Great wound care starts with understanding that the most important thing is providing outstanding patient care. When patient care is made the top priority, the wound care program is set up to thrive. We have all had family members or friends who have received less than great medical care. It is a helpless feeling to watch someone you love not receive the best care.
Christina Le is a strong proponent of wound centers providing great patient care. She started her journey in wound care in 2009 when she accepted a position at Wound Care Advantage’s corporate office. Today she is the Director of Clinical Operations with the company.
“Because we are able able to impact a patient's life by helping them heal we become more than their nurse, we become their family,” she said. “I am most proud to help and empower the patient and their families to understand how they are at the forefront of their health.”
Being a wound care clinician absolutely comes with some challenges.
“On a daily basis we are dealing with the barriers that insurance companies have given us, and it has made it more difficult to ensure our patients get the best care possible once they leave our clinic,” Le said.
Le views herself and her team as educators.
“We not only are teaching our patients but also their families and caregivers,” she said. “We teach them how to properly clean and dress their wounds. They are often miseducated from a prior facility who took care of their wounds.”
Changes in Wound Care
The wound care industry has changed a bit since Le first start working in it.

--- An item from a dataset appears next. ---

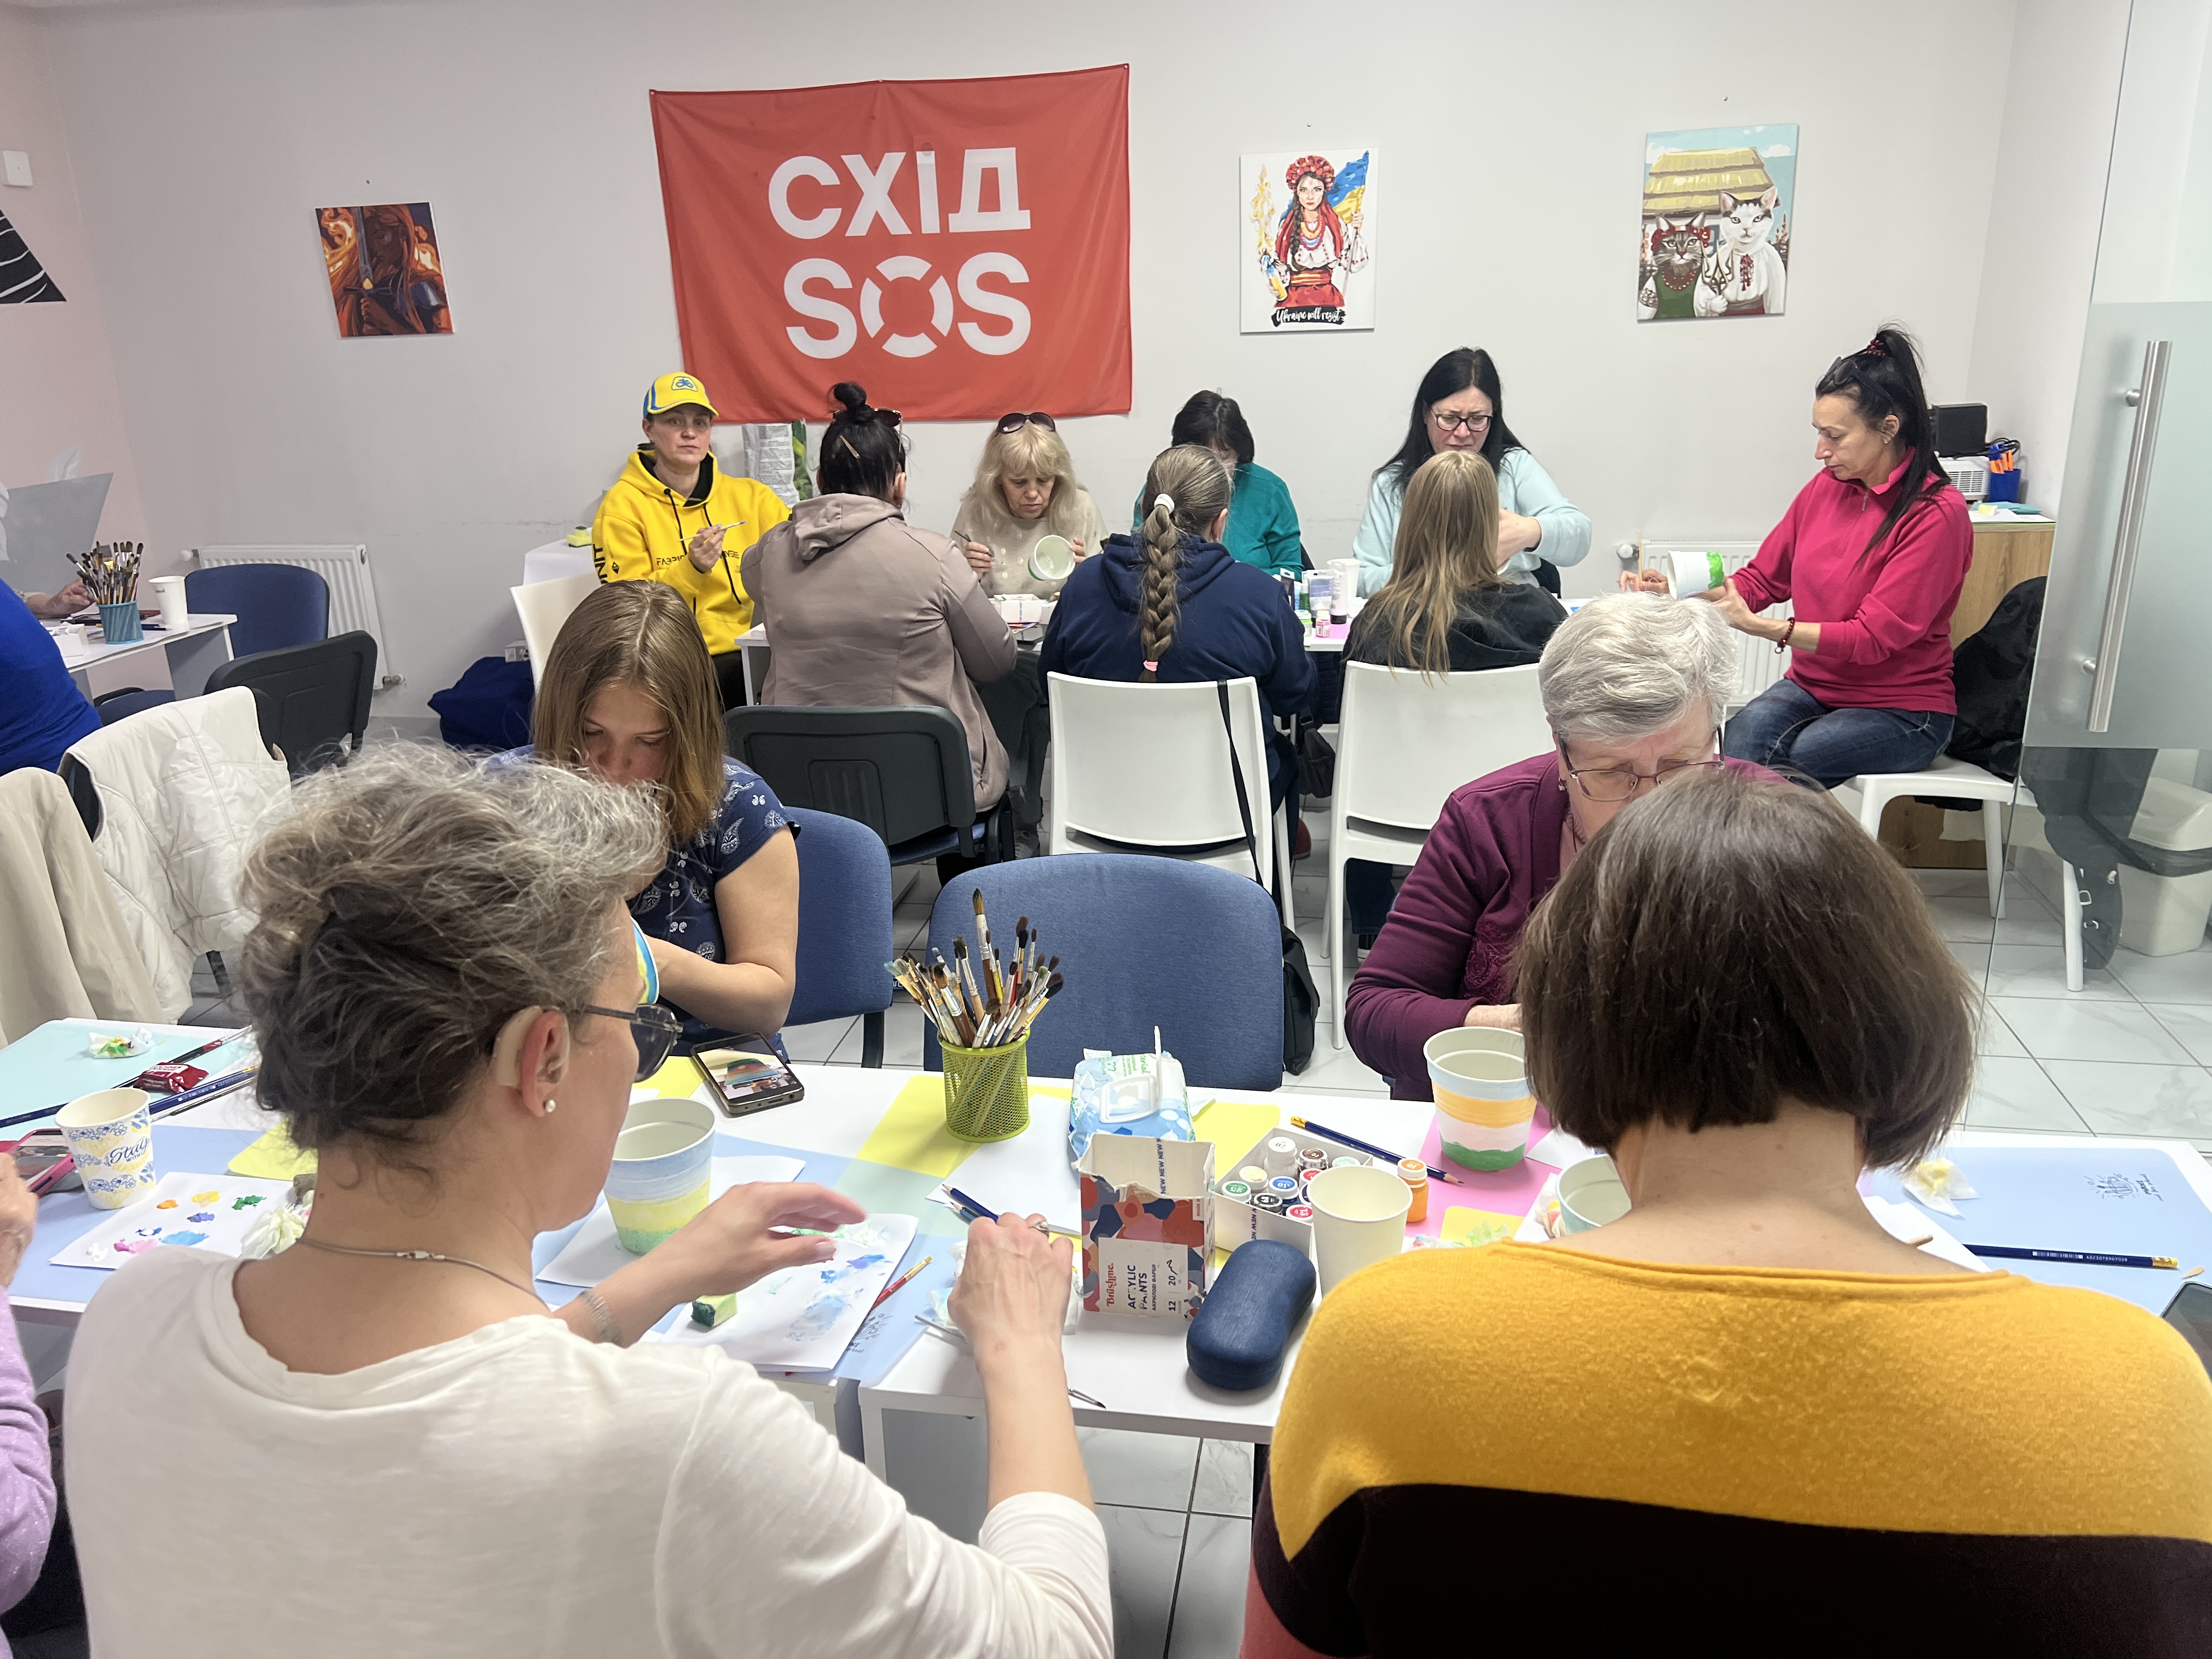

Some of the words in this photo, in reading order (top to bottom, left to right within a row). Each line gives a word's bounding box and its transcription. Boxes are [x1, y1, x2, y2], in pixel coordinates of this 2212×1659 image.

“There are more specialty wound care products available and the restrictions of insurances has changed how we can coordinate care for our patients,” she said.
She keeps a close eye on different wound care products and interesting new technology.
“At the end of the day, what sets Wound Care Advantage apart from the others is our dedication to putting patient care first,” Le said.
Writing About Wound Care
Christina also enjoys writing articles about wound healing and educating patients and caregivers.
She recently wrote about effectively offloading for diabetic foot ulcers when patients experience financial trouble in Today’s Wound Clinic. (http://www.todayswoundclinic.com/articles/effectively-offloading-dfus-when-patients-experience-financial-challenges)
“I love to share my experiences that I have had in the clinic first hand,” Le said. “There are so many tips and tricks that I want to be able to share with the rest of my wound care family that have helped me.”
The Importance of Mentors
She thinks it is important to have mentors in both life and your career.
“Mike Comer, CEO of Wound Care Advantage is my mentor in business because he is so passionate about his company and ensures we make patient care number one.,” Le said. “From the clinical side I look at Dr. John Gambol as a mentor because he is constantly teaching me how to be a better wound care nurse.
Le urges other medical professional to seriously consider a career in wound care.
“Because it’s so different than any other field in healthcare,” she said. “Since the wound care world is small, you can become an expert in this field and become an educator. That's my goal, to take over the wound care world.”